Last month the high court shifted a bit in the opposite direction, ruling that a federal judge uncertain whether a constitutional error has influenced the outcome of a state court trial should assume it did and rule for the prisoner.

But the US House of Representatives last month voted to allow prosecutors wider latitude in using evidence obtained by police without a warrant. This fits the public mood.

James Lockyer, who spearheaded Morin's appeal made unnecessary by the favorable DNA test, says tougher laws should take a back seat to fixing these legal systems. ''We must try to make sure it won't happen again,'' he says. ''We need an inquiry. The people in power haven't gotten the point. True, you'll never eliminate genuine mistakes. But there's a difference between those and the travesty of Guy Paul Morin's case.''

Morin is a free man today because of genetic testing, which is increasingly being used to prove the innocence of those in prison. In Canada, the Ministry of Justice is considering whether to require a genetic DNA test from crime suspects.

Like fingerprints, DNA (deoxyribonucleic acid), the genetic material of each individual, which is often found at crime scenes in the form of blood or semen, is believed to be unique. Such testing, civil libertarians say, would be a two-edged sword.On the one hand, it could compel some individuals to provide powerful evidence of their own guilt. On the other, some innocents who might have been mistakenly charged would be eliminated from consideration.

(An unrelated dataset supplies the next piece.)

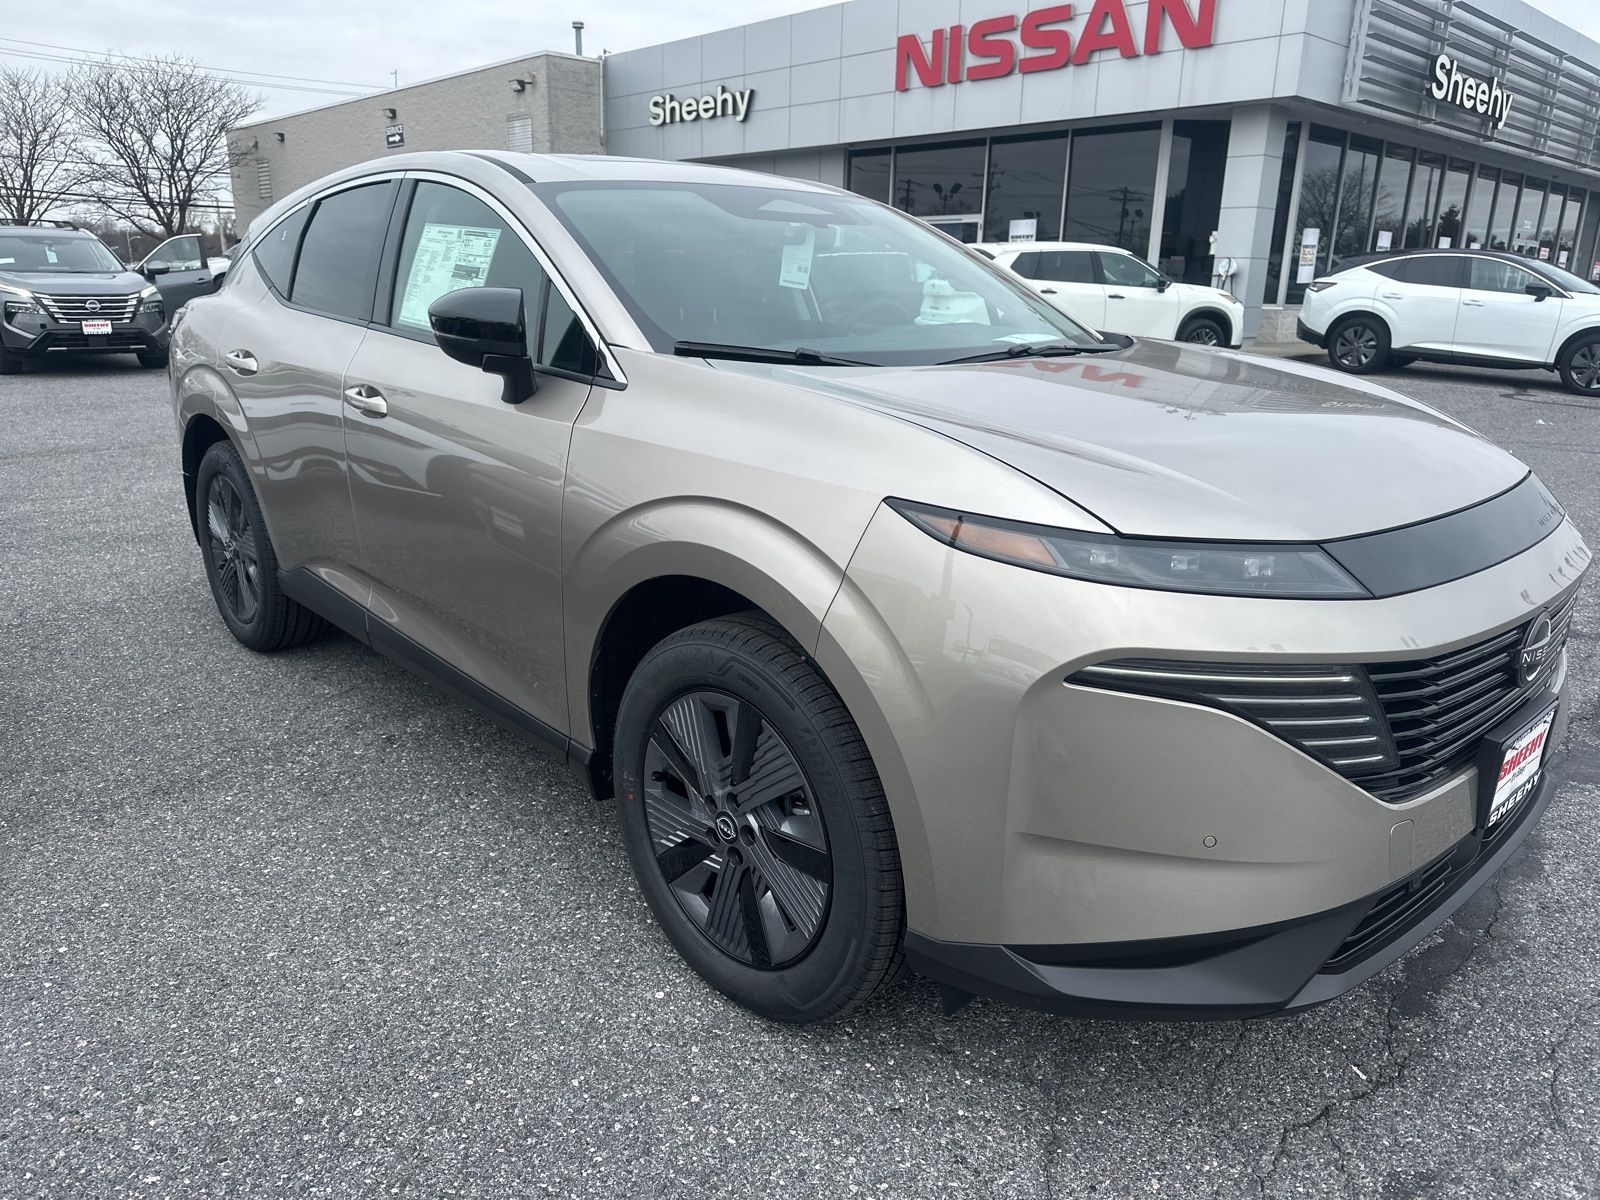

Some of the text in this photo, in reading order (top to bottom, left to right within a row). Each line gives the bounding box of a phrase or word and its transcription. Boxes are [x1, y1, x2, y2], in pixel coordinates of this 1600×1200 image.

Ed Honaker, a Virginia man who served 11 years in a state prison for a rape-kidnapping he did not commit, also has DNA testing to thank for his release last October. Mr. Honaker was released by Gov. George Allen after a test showed his DNA did not match that of the attacker, which was found on the woman.

But technical approaches like DNA are only part of the solution, advocates say. What is needed, they contend, is a broad review of why and how many innocents are imprisoned in Canada and the US.

In Britain, there is already recognition that a problem exists. Public faith in the British justice system, badly shaken by the ''terrorist'' cases, has brought broad public demands to investigate and fix the problem.

Prime Minister John Major's government has pledged to create a new independent review board to examine alleged miscarriages of justice by prosecutors and police, Logan says.

Such a board of review was formed in Massachusetts after the infamous Sacco-Vanzetti case, in which two men thought innocent by many were nevertheless executed in 1927.

Bedau says that board failed because its decisions were not accepted by the courts. Indeed, acceptance by the judiciary is a problem with several proposed solutions, such as outlawing convictions based on jail-house confessions or circumstantial evidence alone.

Ontario's attorney general ruled at the end of February that an inquiry into the Morin case would be permitted, but it angered Morin's lawyers because it will not be allowed to examine the conduct of the judges at his trials.

Canadian Justice Evans and two fellow judges concluded in a 1989 report on the Marshall case that Canada's justice system needs a national independent review board to probe possible wrongful convictions.

So far, however, Canada's government has done little to implement the commission recommendations. Yet the case of Guy Paul Morin, more than most, reinforces the need for a board of review, his advocates say.

''I read Morin's record, and it wasn't long before I began to smell a very familiar stench, because all wrongful convictions smell the same way,'' says Carter, the former boxer. ''I still remember the day I visited Guy Paul in prison in 1992. And I knew when I walked out that there was an innocent man I was leaving behind.''

*The Monitor will publish additional articles on 'unjust punishment' on an occasional basis.